Stem cell transplantation is also a good therapy option for HIV patients

    • Congress Reports
    • Infectiology
    • Oncology
    • RX
  • 3 minute read

At the ASH Congress in San Francisco, a study showed that HIV patients with relapsed or refractory lymphoma do not need to be treated differently than patients without HIV with regard to stem cell transplantation. In the future, this could (and should, according to the study leaders) lead to a situation in which not only HIV-specialized centers can offer this form of therapy. In the future, HIV infection alone should no longer be a reason not to include lymphoma patients in transplantation studies.

HIV infection increases the risk for non-Hodgkin’s (NHL) and Hodgkin’s (HL) lymphomas. Previously, patients with HIV-associated lymphoma (HAL) had significantly worse outcomes and increased treatment-associated mortality and morbidity compared with uninfected lymphoma patients – about 30 years ago, the prognosis of HIV-infected patients averaged just two months. Today, thanks to highly active antiretroviral therapy (HAART), this is no longer the case: HAL patients and patients without HIV infection can in principle receive the same lymphoma treatment.

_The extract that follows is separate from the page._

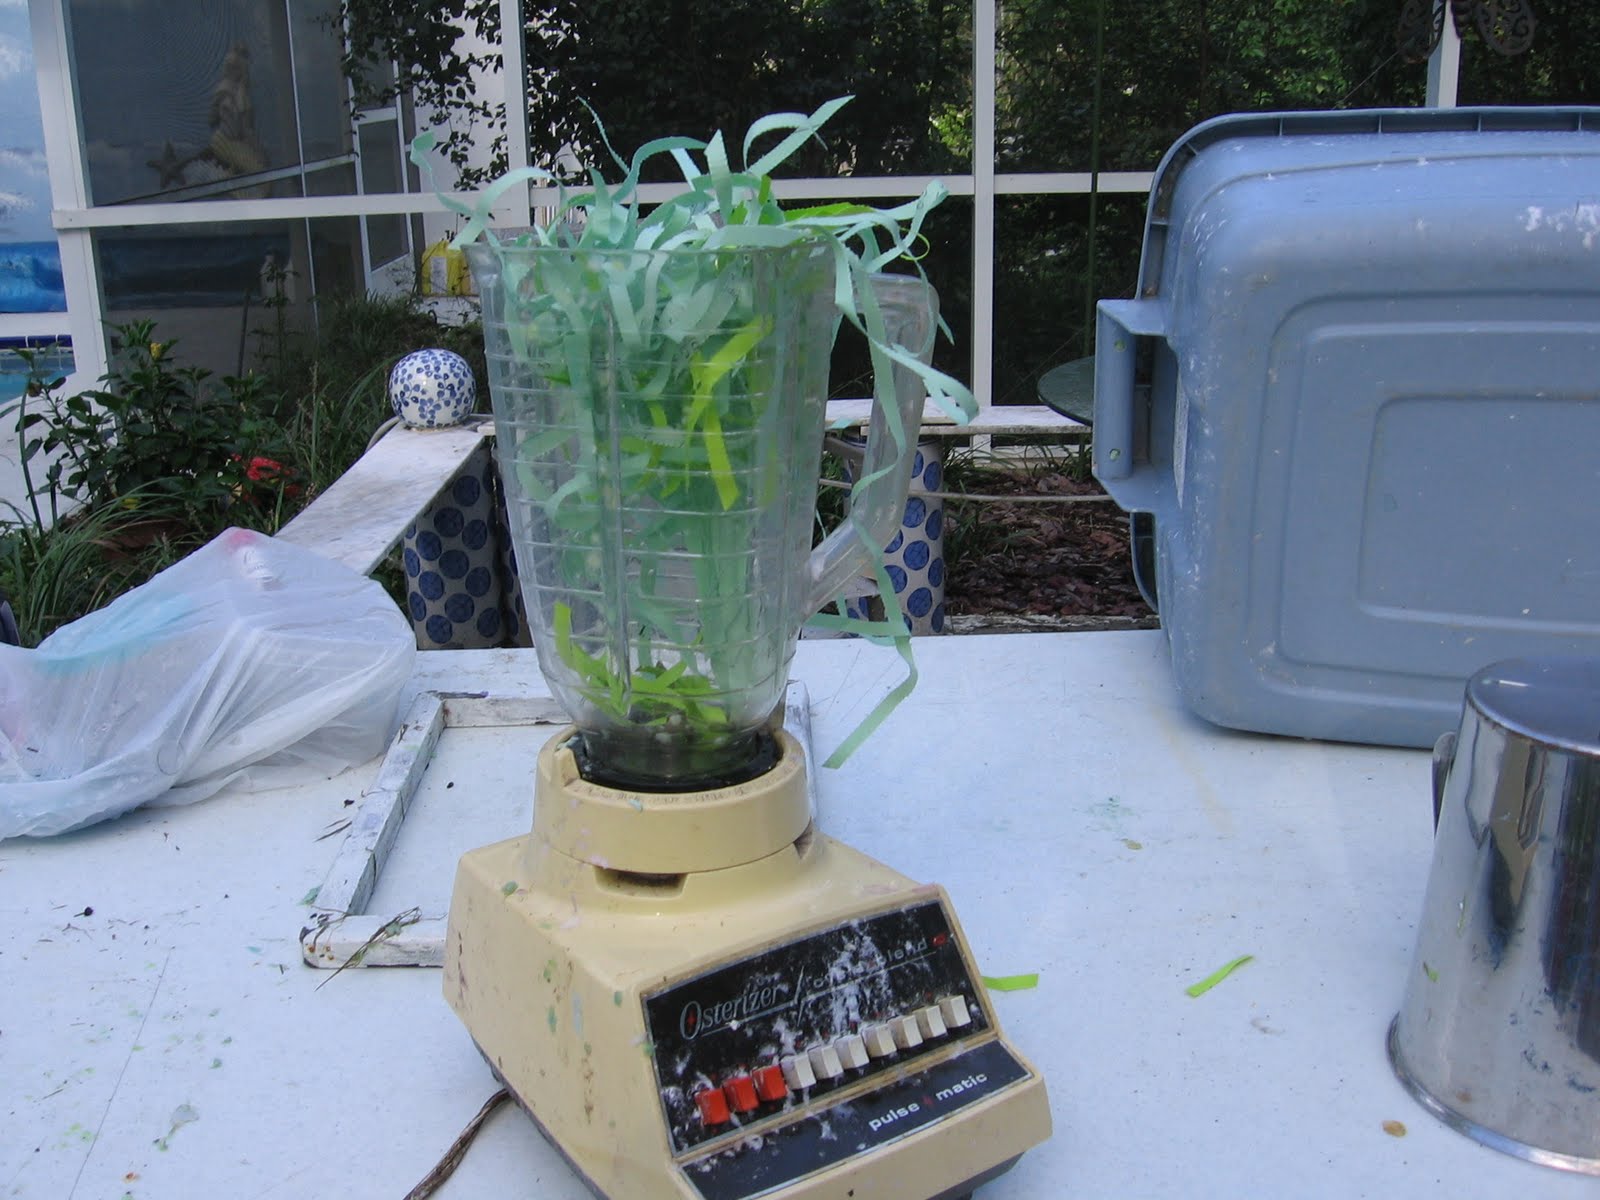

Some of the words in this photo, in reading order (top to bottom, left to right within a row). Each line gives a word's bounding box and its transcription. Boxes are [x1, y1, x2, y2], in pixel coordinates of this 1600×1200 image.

However, what remained unclear until now was the role of autologous stem cell transplantation in HIV-infected patients. A study presented at the 2014 ASH Congress provided fundamental new insights in this regard that may well change clinical practice in this population.

BEAM regime before transplantation

Included were 43 patients, all older than 15 years, with chemotherapy-sensitive, refractory or relapsed NHL or HL and treatable HIV-1 infection. Three of the participants already showed progression before starting therapy and were therefore excluded. Forty patients underwent transplantation on day 0, preceded by the high-dose BEAM regimen. This includes carmustine 300 mg/m2 (6 days prior), etoposide 100 mg/m2 2×/d (5-2 days prior), cytarabine 100 mg/m2 (5-2 days prior), and melphalan 140 mg/m2 (1 day prior). HAART was suspended during the preparatory regimen and then until therapy-associated gastrointestinal toxicities such as nausea and vomiting had resolved. The primary endpoint of the study was 1-year overall survival. Secondary endpoints included response, transplant-related mortality, progression-free survival (PFS), and infection-related complications.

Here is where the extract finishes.